#### Records to process

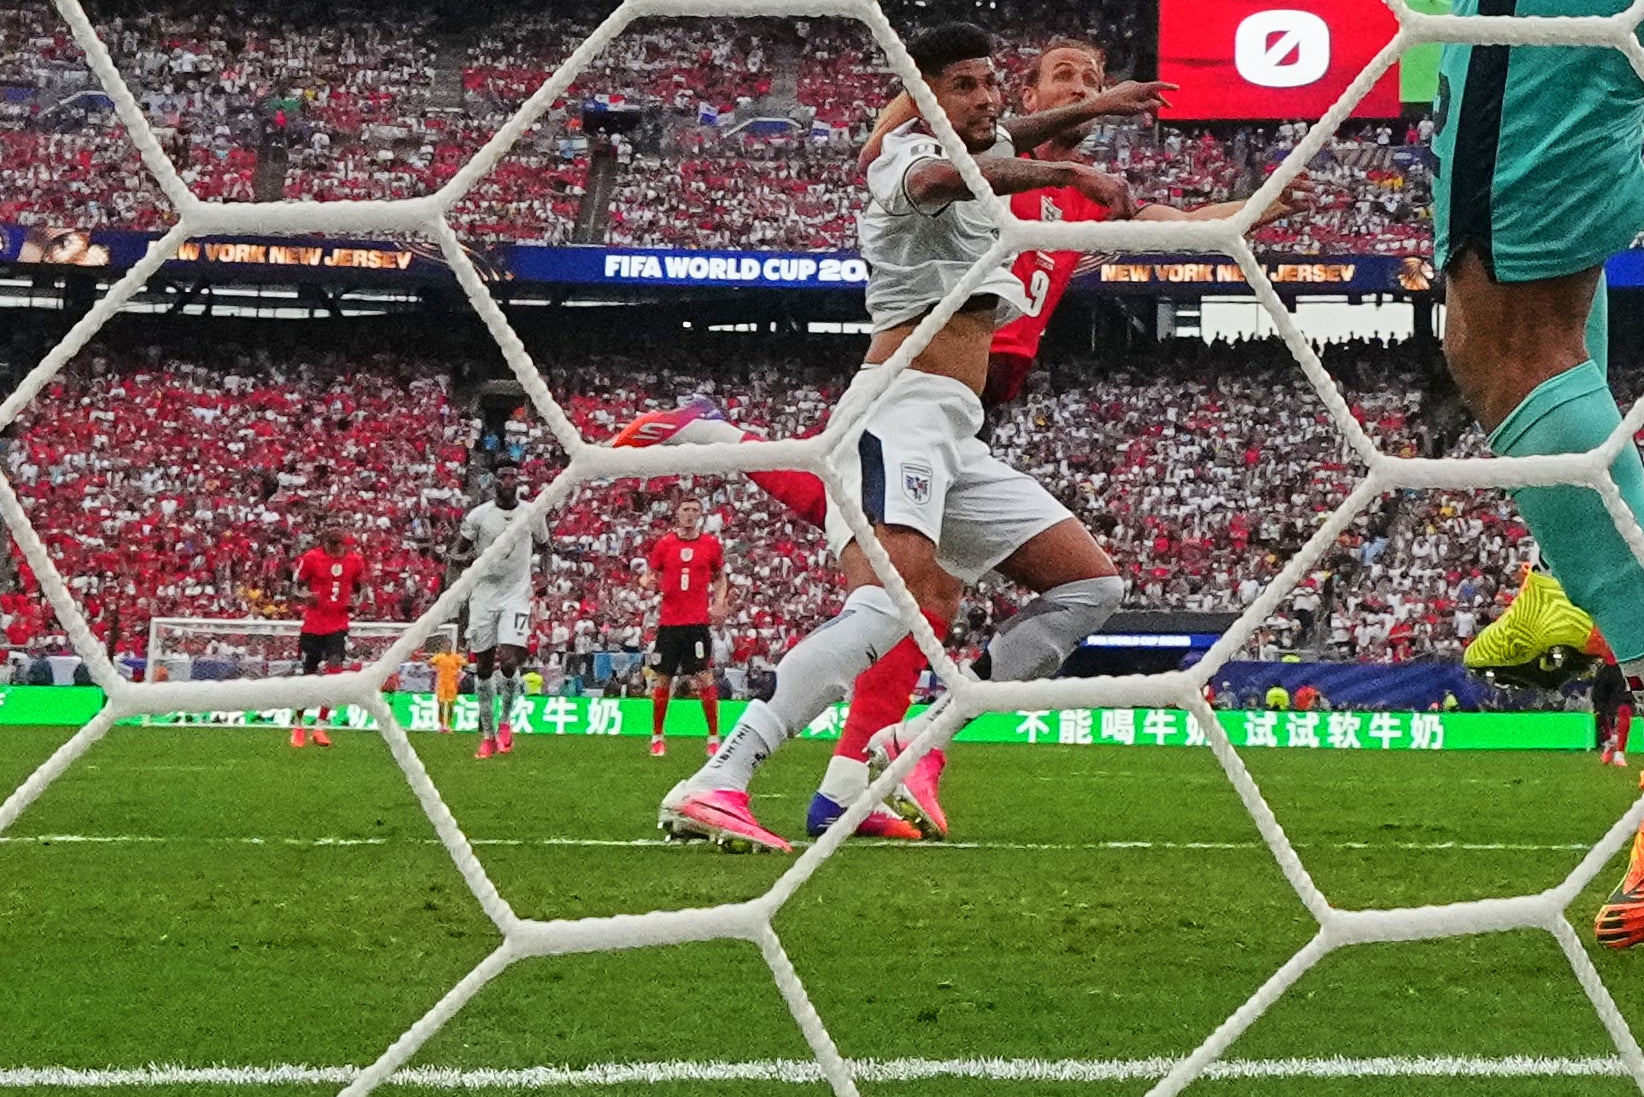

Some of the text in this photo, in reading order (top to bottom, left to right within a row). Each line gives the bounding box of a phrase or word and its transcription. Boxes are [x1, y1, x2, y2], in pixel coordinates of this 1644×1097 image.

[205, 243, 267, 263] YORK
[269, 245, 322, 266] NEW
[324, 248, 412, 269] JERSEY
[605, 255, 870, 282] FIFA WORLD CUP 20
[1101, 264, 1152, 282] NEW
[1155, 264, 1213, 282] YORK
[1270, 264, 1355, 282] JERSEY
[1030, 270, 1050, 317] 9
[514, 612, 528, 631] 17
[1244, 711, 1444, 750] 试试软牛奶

########
#### Records to process

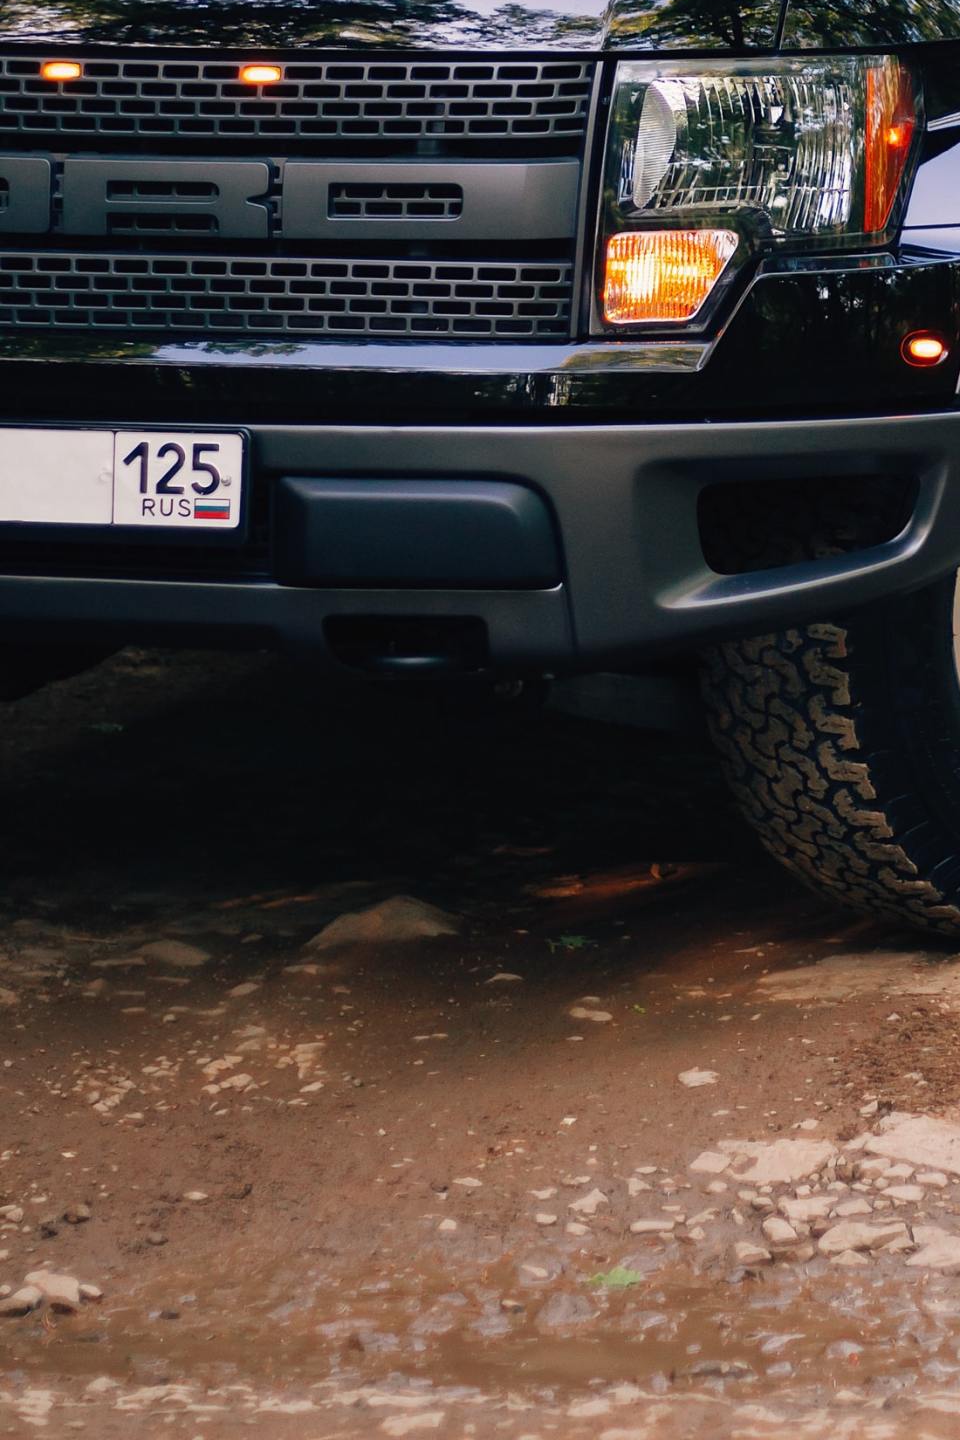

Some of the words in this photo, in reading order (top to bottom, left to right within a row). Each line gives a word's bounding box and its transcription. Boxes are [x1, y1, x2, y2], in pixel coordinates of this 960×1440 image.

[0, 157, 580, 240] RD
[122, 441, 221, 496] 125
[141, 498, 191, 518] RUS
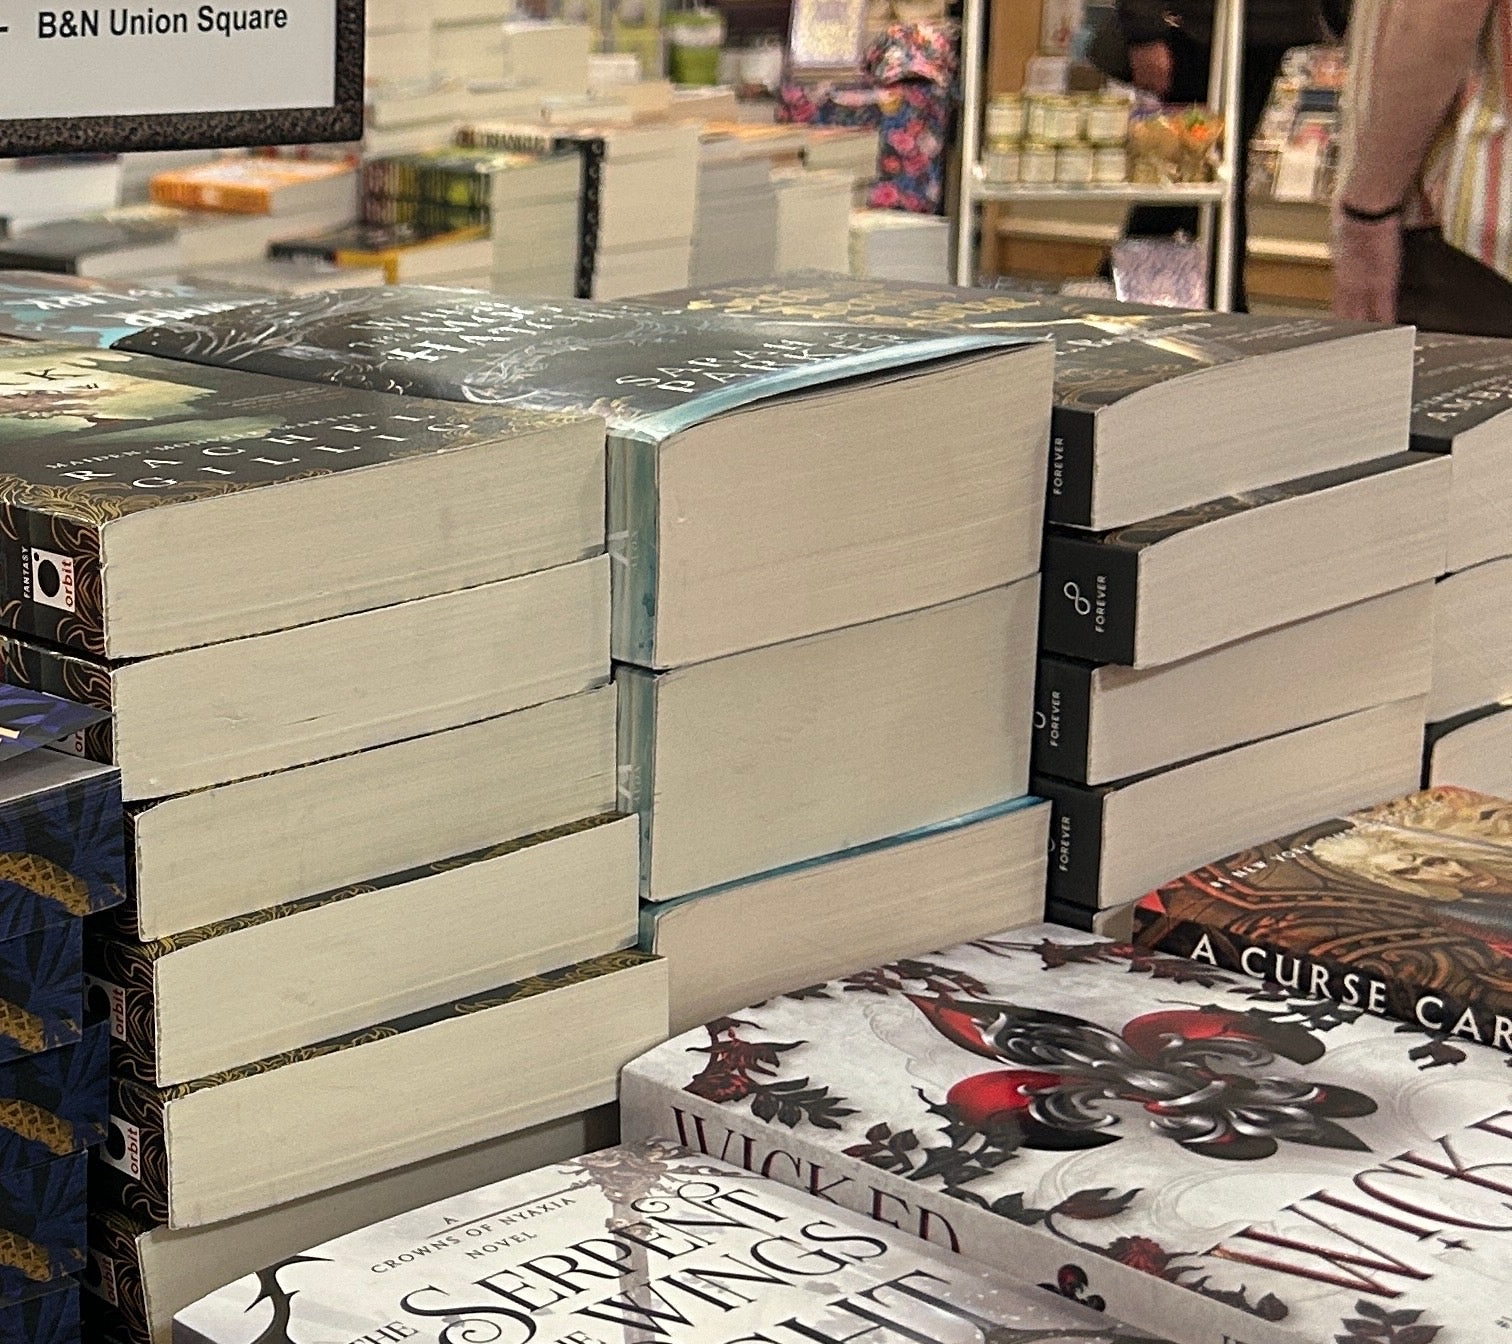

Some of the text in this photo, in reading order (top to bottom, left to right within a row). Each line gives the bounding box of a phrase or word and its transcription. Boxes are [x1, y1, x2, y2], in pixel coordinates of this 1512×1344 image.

########

Required work.
Taking the records above, print only and exactly the lines from the line with "Some of the words" to the line with "this 1512×1344 image.", both kept, and exclude pictures.

Answer to the problem.
Some of the words in this photo, in reading order (top to bottom, left to right within a row). Each line gives a word's bounding box and its transcription. Boxes are [x1, y1, x2, y2], in pixel coordinates of this 960×1440 image.

[0, 157, 580, 240] RD
[122, 441, 221, 496] 125
[141, 498, 191, 518] RUS

Some of the text in this photo, in reading order (top to bottom, left to right within a row). Each line gives the bounding box of a phrase or word and its transcription. Boxes are [x1, y1, x2, y2], in pixel coordinates of this 1512×1344 image.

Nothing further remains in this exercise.